In a remote world, this co-op maintains global connections

Shannon Murphy, who studies international affairs and environmental studies, thinks globally at a non-profit organization WorldBoston. Photo by Matthew Modoono/Northeastern University

What happens when COVID-19-related travel restrictions put a damper on your co-op, which just happens to focus on Boston’s role as a global partner on critical issues impacting the planet? If you’re Shannon Murphy, a third-year international affairs major at Northeastern, you get creative and develop a newfound passion for virtual event planning. 

Murphy is on co-op at WorldBoston, a small nonprofit organization that focuses on engaging international experts on issues such as climate control and healthcare access. The organization also plays host to international professionals and students who want to explore Greater Boston while bulking up the connective tissue between countries.
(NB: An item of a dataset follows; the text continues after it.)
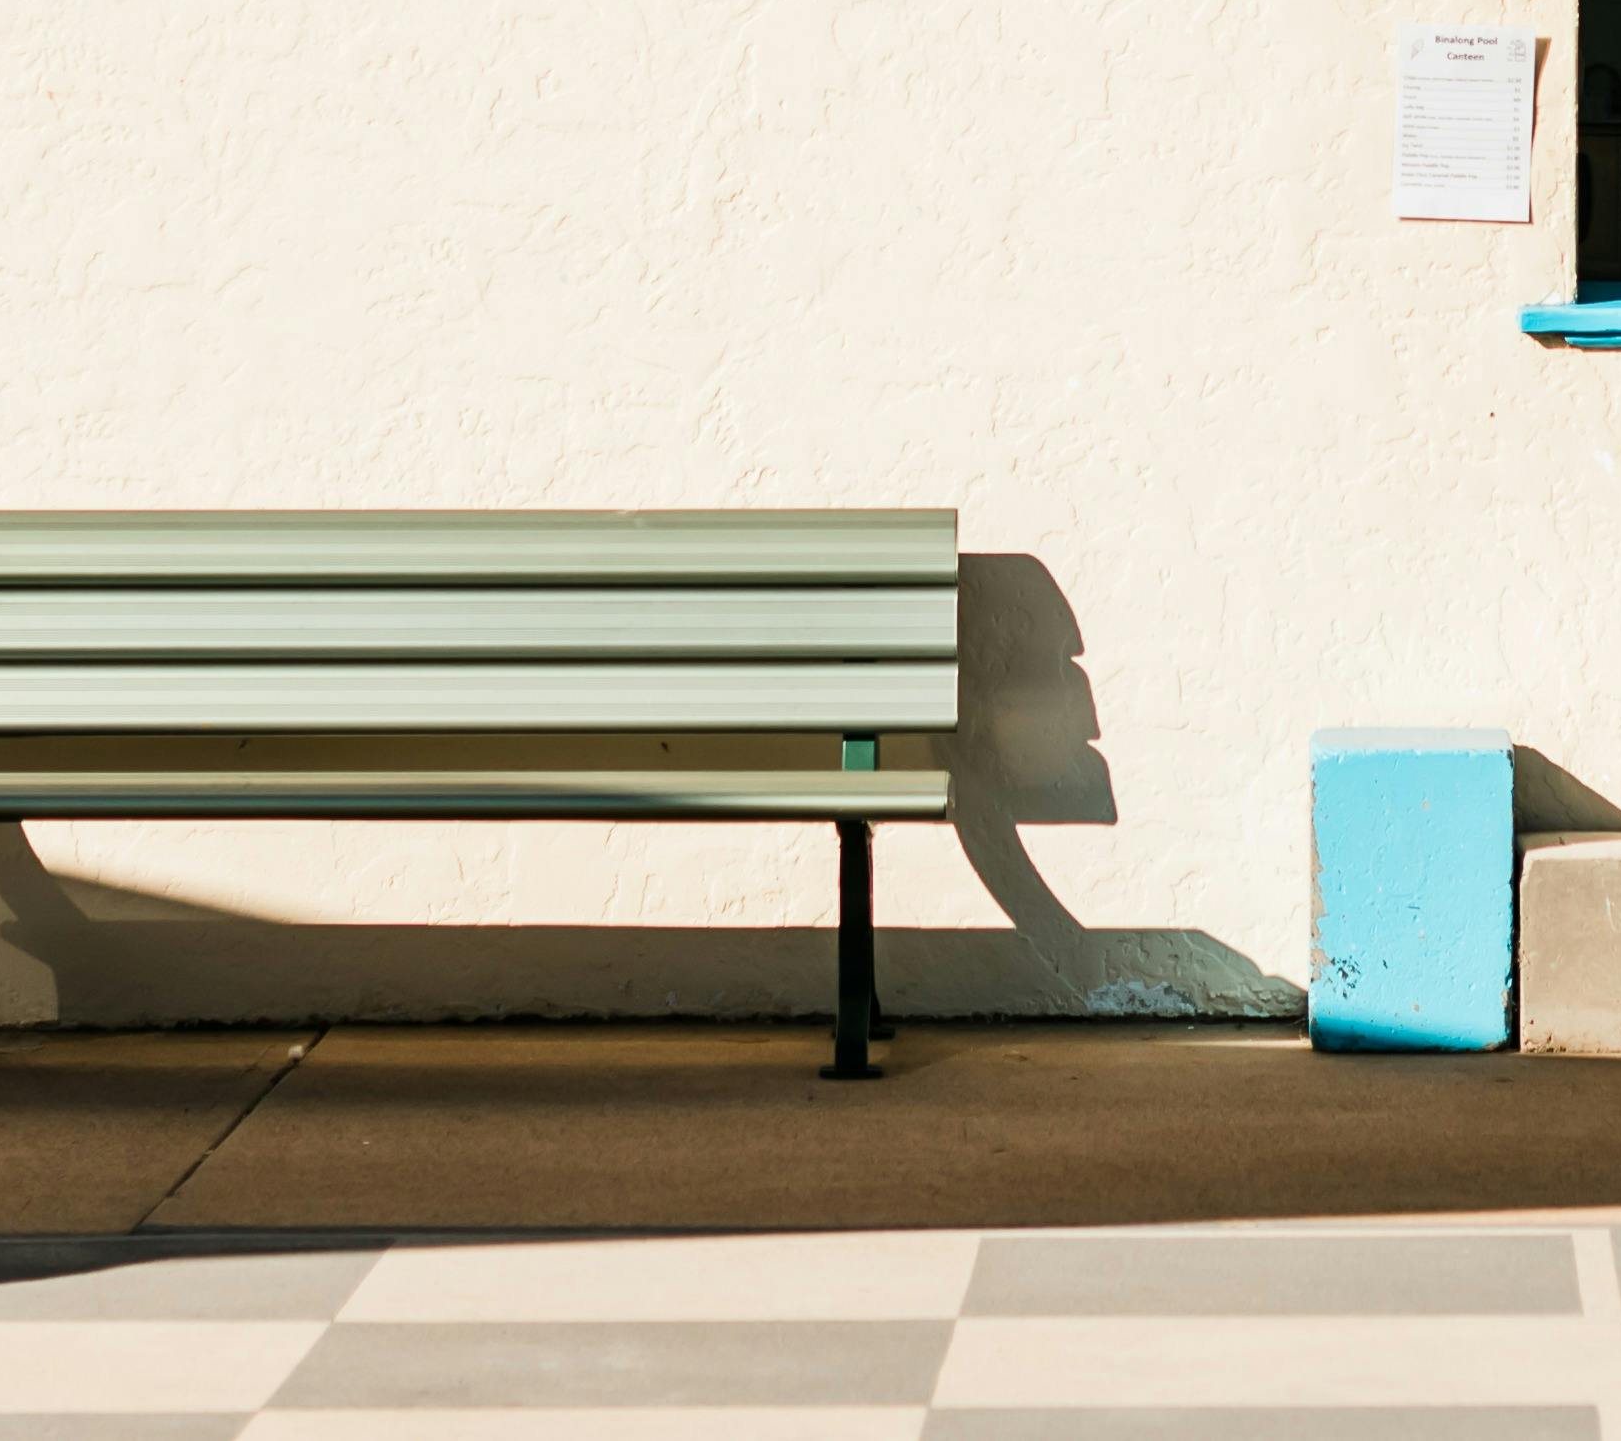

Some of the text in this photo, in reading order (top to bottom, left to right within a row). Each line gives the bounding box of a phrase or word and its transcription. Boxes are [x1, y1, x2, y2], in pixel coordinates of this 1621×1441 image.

[1434, 36, 1498, 46] Binalong Pool
[1447, 52, 1485, 61] Canteen
Murphy, who serves as an outreach associate, spoke with News@Northeastern about her experiences at WorldBoston, and how a job that focuses on international issues of the day helped her gain insight into her personal career goals.

Can you give us a little more insight into what WorldBoston does?

They do so many things! Their motto is “The world in Boston, and Boston in the world.” On the one side they focus on global engagement which serves the greater Boston community. That involves things like speaker events and an authors series. That’s the side I’m working on, so I do outreach and event planning for that. The other side of things that they do is citizen diplomacy, which brings international visitors to Boston.

Is that hard, considering international travel still has many pandemic-related restrictions?

I think they were able to transition pretty smoothly and quickly, from my experience working there. And it’s been pretty successful. The global engagement events have been over Zoom. We just had one with Baylor Fox Kemper, who is a coordinating lead author on the U.N. climate report that just came out. We’ve been able to get authors that maybe wouldn’t have been able to join us in normal times. So, that’s kind of a silver lining.

What’s your favorite part of the job so far?

I really like the events. I think the speakers we’ve been able to get are so interesting and knowledgeable. So, that’s been really great. We had an event with Nicole Perlroth in September. She is a New York Times journalist and wrote a book on cybersecurity that was actually a little scary. Definitely a wake-up call.

Do you have any advice for students who might be interested in working at WorldBoston?

I would advise them to attend an event beforehand. Especially now that they’re virtual, they’re super easy to check out. It’s such a good way to get a feel for what the organization does and the people that they bring and the reach that they can have.

Did you learn anything about your own career goals from this co-op?

I’ve learned that I really enjoy event planning. I really Iike the intricacy of the level of detail that you can compile together. And at the end, you can pull off this really great event if you put the work in, and the time. I really have come to enjoy that part of the process, and that was something I wasn’t necessarily expecting going into this. I also do enjoy being in the office, which is kind of surprising. I got so used to just being on Zoom for the past year and a half, so it was something I was a little worried about. I honestly do really enjoy it. It’s just a new experience and it’s something that I’m glad I got to participate in.